I am feeding her 2 lbs a day - 1 lb RMB's (thighs) and almost a whole lb meat, with 1/2 a chicken liver making up the remainder. We've been doing this exactly 1 wk today.


----------



## Barb E (Jun 6, 2004)

How many times a day are you feeding?
Might be too much food at a meal for her at this point


----------



## Annichka (May 14, 2009)

Twice a day. Break it up into 3?


----------



## Lauri & The Gang (Jun 28, 2001)

> Originally Posted By: AnnichkaI am feeding her 2 lbs a day - 1 lb RMB's (thighs) and almost a whole lb meat, with 1/2 a chicken liver making up the remainder. We've been doing this exactly 1 wk today.


How much does she weigh right now?


----------



## Annichka (May 14, 2009)

23 lbs on Sunday. Her mother was about 70 lbs, so that's the adult weight I'm going by. 
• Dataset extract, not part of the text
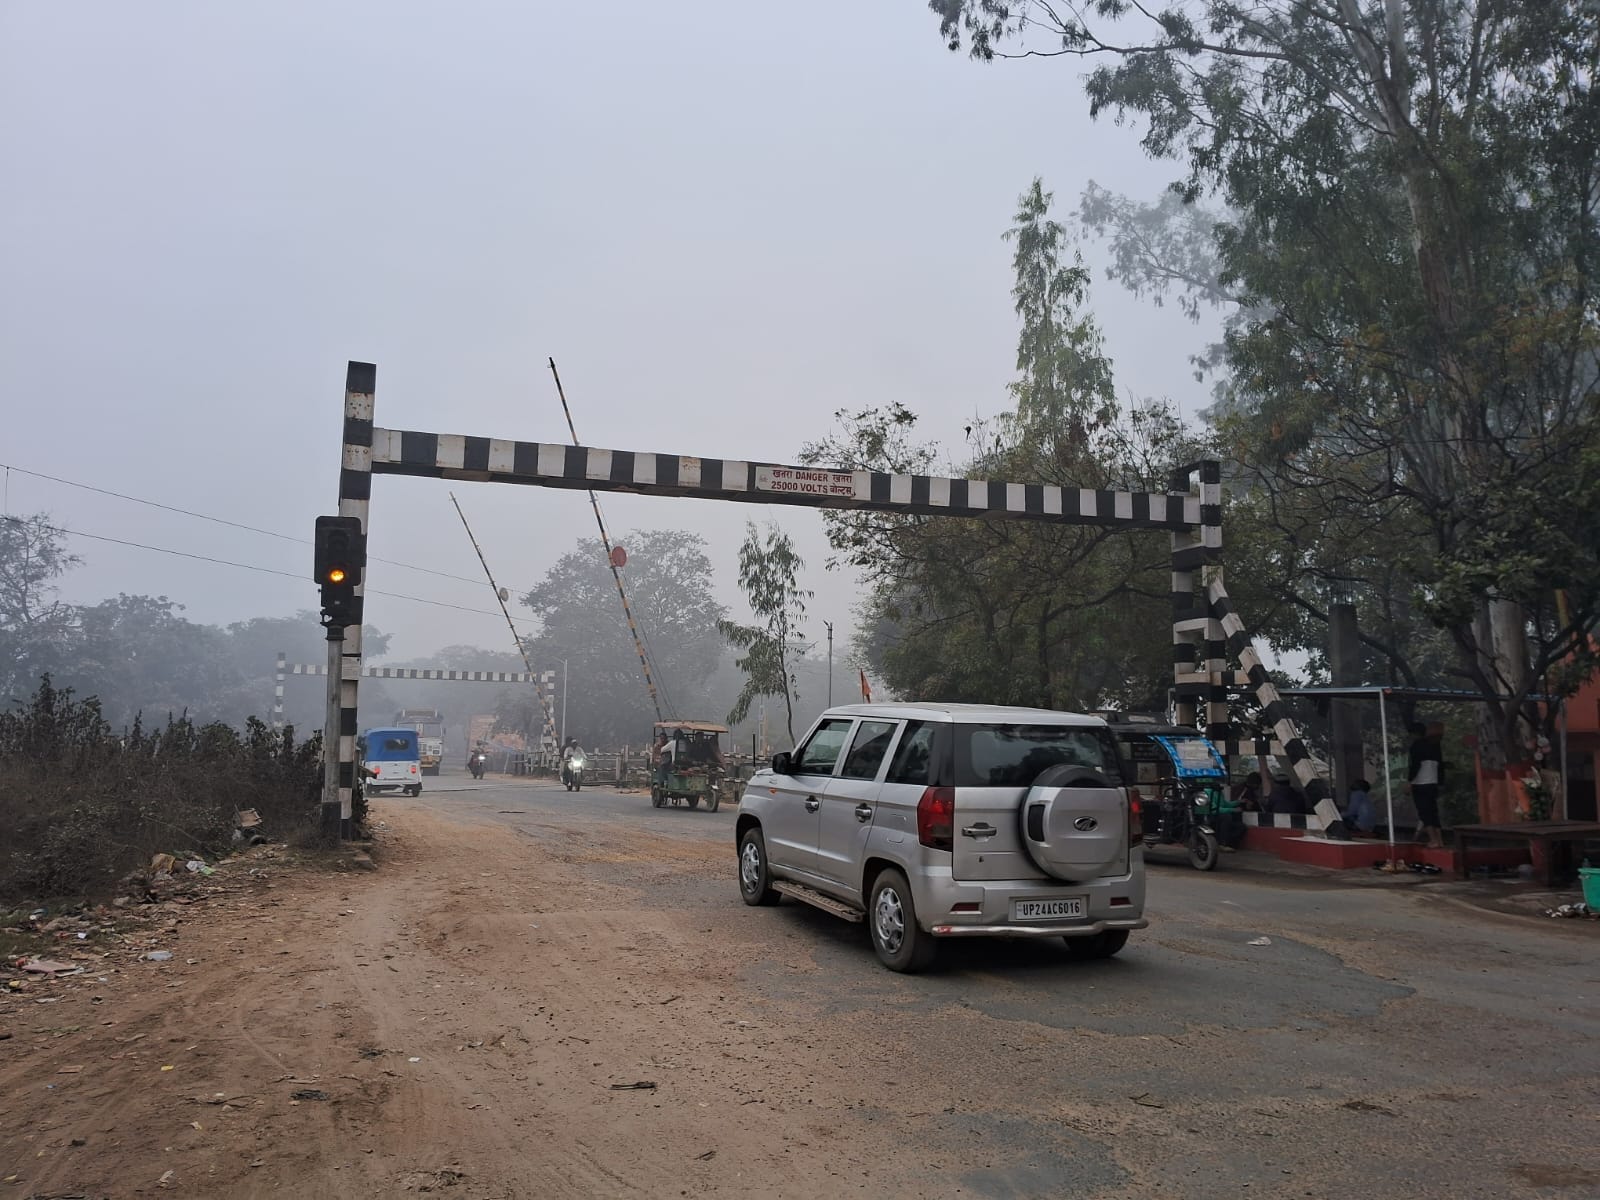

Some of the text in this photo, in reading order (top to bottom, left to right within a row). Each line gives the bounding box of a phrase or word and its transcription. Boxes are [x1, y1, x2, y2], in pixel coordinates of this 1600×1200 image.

[772, 470, 852, 483] खतरा DANGER खतरा
[771, 481, 798, 491] 25000
[800, 483, 828, 494] VOLTS
[1022, 902, 1080, 916] UP24AC6016
I split breakfast into breakfast and lunch - one thigh at each. It was better anyway, because I think the two thighs at once in the morning was too much at a time for her. She always struggled to eat the second one.


----------



## JerzeyGSD (Jun 26, 2008)

There is always the possibility that the pork caused her to have diarrhea. I tried Jerzey with pork chops this week and as soon as she ate more than a sliver her poop turned to mush. I tried it for 2 or 3 days just to be sure but it just got worse. I took it out and the next day her poop was already improving. I've read that it's actually pretty common for dogs to not do well with pork. Just something to keep in mind.


----------